- Opening Delimiter -
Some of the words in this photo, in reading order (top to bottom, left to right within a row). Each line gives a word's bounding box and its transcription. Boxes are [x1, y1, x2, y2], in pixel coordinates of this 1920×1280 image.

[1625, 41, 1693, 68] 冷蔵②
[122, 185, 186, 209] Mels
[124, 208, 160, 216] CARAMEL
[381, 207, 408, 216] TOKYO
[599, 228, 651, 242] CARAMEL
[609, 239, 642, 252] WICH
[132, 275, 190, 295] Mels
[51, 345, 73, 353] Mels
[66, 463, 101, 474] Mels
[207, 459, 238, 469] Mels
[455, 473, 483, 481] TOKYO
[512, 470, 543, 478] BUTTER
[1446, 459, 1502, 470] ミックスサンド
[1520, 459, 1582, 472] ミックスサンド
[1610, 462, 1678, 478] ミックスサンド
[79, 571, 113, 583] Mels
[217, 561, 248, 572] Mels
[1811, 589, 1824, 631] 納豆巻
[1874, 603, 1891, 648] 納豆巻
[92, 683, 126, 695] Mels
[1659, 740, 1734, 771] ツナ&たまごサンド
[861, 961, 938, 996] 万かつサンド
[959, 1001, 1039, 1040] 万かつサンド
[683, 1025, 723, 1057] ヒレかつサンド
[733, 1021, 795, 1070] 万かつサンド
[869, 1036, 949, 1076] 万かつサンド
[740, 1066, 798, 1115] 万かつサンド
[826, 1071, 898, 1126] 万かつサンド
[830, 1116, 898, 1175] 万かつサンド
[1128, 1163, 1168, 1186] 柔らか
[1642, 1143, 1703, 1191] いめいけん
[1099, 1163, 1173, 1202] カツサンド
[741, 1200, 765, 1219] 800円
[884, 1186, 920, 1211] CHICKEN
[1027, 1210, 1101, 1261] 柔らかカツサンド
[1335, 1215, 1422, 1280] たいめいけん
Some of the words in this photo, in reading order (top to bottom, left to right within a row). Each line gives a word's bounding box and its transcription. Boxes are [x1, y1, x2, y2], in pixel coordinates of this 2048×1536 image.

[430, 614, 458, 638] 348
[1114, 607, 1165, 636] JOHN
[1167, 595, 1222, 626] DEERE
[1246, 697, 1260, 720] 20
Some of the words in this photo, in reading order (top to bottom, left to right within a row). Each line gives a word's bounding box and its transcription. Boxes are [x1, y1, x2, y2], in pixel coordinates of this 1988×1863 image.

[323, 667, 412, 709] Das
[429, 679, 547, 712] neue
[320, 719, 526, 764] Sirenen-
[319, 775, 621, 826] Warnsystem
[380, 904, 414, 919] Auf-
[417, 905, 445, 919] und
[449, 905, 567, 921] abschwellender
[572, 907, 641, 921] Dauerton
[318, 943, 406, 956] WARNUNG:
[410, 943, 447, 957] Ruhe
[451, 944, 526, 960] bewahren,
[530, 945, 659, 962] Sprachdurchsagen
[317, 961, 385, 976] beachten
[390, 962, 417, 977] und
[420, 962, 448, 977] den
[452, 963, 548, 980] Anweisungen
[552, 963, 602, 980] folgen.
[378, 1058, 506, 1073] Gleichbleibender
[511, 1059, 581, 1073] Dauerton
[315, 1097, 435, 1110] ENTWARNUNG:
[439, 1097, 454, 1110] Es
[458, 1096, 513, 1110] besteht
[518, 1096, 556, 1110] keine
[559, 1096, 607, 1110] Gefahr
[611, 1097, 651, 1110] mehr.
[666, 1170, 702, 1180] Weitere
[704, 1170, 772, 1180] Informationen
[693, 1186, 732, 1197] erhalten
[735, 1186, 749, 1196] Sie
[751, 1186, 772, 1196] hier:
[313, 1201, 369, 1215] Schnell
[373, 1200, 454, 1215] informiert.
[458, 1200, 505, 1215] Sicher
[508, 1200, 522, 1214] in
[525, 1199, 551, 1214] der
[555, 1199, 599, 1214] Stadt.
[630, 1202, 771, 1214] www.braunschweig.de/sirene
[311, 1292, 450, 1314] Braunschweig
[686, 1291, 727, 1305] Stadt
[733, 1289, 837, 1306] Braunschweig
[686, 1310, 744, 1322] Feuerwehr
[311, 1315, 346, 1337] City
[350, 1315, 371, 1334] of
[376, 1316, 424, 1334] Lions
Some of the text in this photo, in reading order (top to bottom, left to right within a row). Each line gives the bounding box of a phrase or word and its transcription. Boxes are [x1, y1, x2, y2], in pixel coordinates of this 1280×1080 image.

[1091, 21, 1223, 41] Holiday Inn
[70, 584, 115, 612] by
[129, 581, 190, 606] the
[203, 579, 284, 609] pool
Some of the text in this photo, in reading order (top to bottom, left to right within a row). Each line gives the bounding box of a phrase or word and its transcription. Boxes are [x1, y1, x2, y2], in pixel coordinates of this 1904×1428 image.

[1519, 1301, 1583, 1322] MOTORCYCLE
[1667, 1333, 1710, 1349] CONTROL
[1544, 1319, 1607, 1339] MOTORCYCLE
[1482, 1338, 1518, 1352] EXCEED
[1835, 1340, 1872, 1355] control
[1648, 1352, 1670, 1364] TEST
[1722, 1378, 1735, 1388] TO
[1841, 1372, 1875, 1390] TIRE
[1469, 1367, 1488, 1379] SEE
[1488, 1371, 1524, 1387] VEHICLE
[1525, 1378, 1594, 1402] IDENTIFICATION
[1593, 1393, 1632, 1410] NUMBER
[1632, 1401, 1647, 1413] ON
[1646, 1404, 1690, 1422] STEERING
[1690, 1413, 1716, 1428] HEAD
- Closing Delimiter -
--- Directions ---
Your task is to restate, word for word, the line with "this 1904×1428 image." and all lines after it, ending with the last line of the data.

--- Reply to the task ---
Some of the text in this photo, in reading order (top to bottom, left to right within a row). Each line gives the bounding box of a phrase or word and its transcription. Boxes are [x1, y1, x2, y2], in pixel coordinates of this 1904×1428 image.

[1519, 1301, 1583, 1322] MOTORCYCLE
[1667, 1333, 1710, 1349] CONTROL
[1544, 1319, 1607, 1339] MOTORCYCLE
[1482, 1338, 1518, 1352] EXCEED
[1835, 1340, 1872, 1355] control
[1648, 1352, 1670, 1364] TEST
[1722, 1378, 1735, 1388] TO
[1841, 1372, 1875, 1390] TIRE
[1469, 1367, 1488, 1379] SEE
[1488, 1371, 1524, 1387] VEHICLE
[1525, 1378, 1594, 1402] IDENTIFICATION
[1593, 1393, 1632, 1410] NUMBER
[1632, 1401, 1647, 1413] ON
[1646, 1404, 1690, 1422] STEERING
[1690, 1413, 1716, 1428] HEAD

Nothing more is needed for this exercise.